Age-related bone loss between age of peak BMD and 86 years in women and 83 years in men varied according to skeletal site and was of lower magnitude in men (8.6–31.99%) than in women (25–43%). This finding is in agreement with the previously published cross-sectional studies in Caucasian subjects [40]. Similar to previous reports [14, 39], decrease in BMD was steepest at Ward’s triangle and smallest at the trochanter in both the sexes. Also, the use of total femur BMD identified fewer women and men as osteoporotic compared with neck and Ward’s BMD because of the stronger influence of trochanteric BMD on the total femur region as suggested by Mazess and Barden [15]. Pertinently, despite showing maximum age-related bone loss, Ward’s triangle is rarely selected for the diagnosis of osteoporosis because of its inconsistency with fracture risk evaluation [27].

There is a paucity of data on the prevalence of osteoporosis in the Indian population using DEXA for estimating BMD. Most of the available reports are based on methods such as Singh’s index [21], calcaneal index [22], visual assessment [4, 5], quantitative ultrasound [23], digital X-ray radiogrammetry [24], and quantitative computed tomography [25]. The data available with DEXA are mainly for Indian women [17, 4143] or for certain selected population groups [44, 45]. Analysis of Indian normative data revealed that the average incidence of osteoporosis at the total hip, femoral neck, Ward’s, trochanter, lateral spine, radius 33%, and radius UD was 13.9%, 26.6%, 30.1%, 8.0%, 16.0%, 38.3%, and 11.8%, respectively, for postmenopausal Indian women and 1.3%, 4.6%, 19.2%, 1.4%, 1.7%, 5.6%, and 9.1%, respectively, for Indian men above 50 years of age. However, using the manufacturer’s database, corresponding values were 15.3%, 20.7%, 61.2%, 11.6%, 22.0%, 35.1%, and 34.3%, respectively, for postmenopausal Indian women and 6.3%, 11.3%, 34.5%, 9.2%, 8.9%, 18.4%, and 17.8%, respectively, for Indian men above 50 years of age. While the use of the US/European database provided by Lunar versus the Indian data generated in this study might lead to different T score designations and therapeutic decisions for an individual, neither score is currently linked to relevant fracture risk data for the Indian population. These findings highlight the need to establish a quantitative relationship between BMD and fracture risk in the Indian population so that pertinent diagnostic and treatment guidelines can ultimately be established.

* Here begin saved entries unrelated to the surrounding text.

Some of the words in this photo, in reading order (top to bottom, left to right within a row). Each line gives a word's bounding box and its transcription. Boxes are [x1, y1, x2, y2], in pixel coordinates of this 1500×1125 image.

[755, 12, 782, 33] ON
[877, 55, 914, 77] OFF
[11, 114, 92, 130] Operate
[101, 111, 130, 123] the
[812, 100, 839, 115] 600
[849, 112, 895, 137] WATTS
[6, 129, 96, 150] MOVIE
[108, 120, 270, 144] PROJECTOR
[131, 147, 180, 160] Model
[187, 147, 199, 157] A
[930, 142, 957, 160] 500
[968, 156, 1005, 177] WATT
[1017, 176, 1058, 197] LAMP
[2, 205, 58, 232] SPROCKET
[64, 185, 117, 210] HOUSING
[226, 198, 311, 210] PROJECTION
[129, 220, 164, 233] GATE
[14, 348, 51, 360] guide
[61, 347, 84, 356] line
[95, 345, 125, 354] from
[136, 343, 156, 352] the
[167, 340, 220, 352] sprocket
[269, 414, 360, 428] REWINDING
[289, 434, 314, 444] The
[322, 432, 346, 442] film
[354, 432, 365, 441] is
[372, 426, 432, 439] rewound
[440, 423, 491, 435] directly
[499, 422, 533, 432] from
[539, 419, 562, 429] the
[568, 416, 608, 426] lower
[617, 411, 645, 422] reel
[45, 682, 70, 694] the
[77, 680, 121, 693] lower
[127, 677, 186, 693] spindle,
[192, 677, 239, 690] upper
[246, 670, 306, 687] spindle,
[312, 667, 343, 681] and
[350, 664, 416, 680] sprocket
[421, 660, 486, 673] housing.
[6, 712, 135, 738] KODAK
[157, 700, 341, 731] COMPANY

The findings of this study must be considered in the context of several limitations. Firstly, the prevalence of osteoporosis according to age and site is based on a definition of osteoporosis in women that is not necessarily appropriate for men. Secondly, subjects in this study were all volunteers and ambulatory and presumably healthier than the general population. Moreover, data on BMD of the anteroposterior spine, not evaluated in this study, together with that of LP spine could have potential implications for the Indian scene. Also, the study is cross-sectional rather than longitudinal and the observed BMD peaks should, therefore, be interpreted with caution. Despite these limitations, the results of the present study establish useful BMD normative data with direct relevance to the Indian population. The present study adds to our knowledge of BMD variations between populations that would recommend the use of local reference ranges for reliable interpretations of individual DEXA data.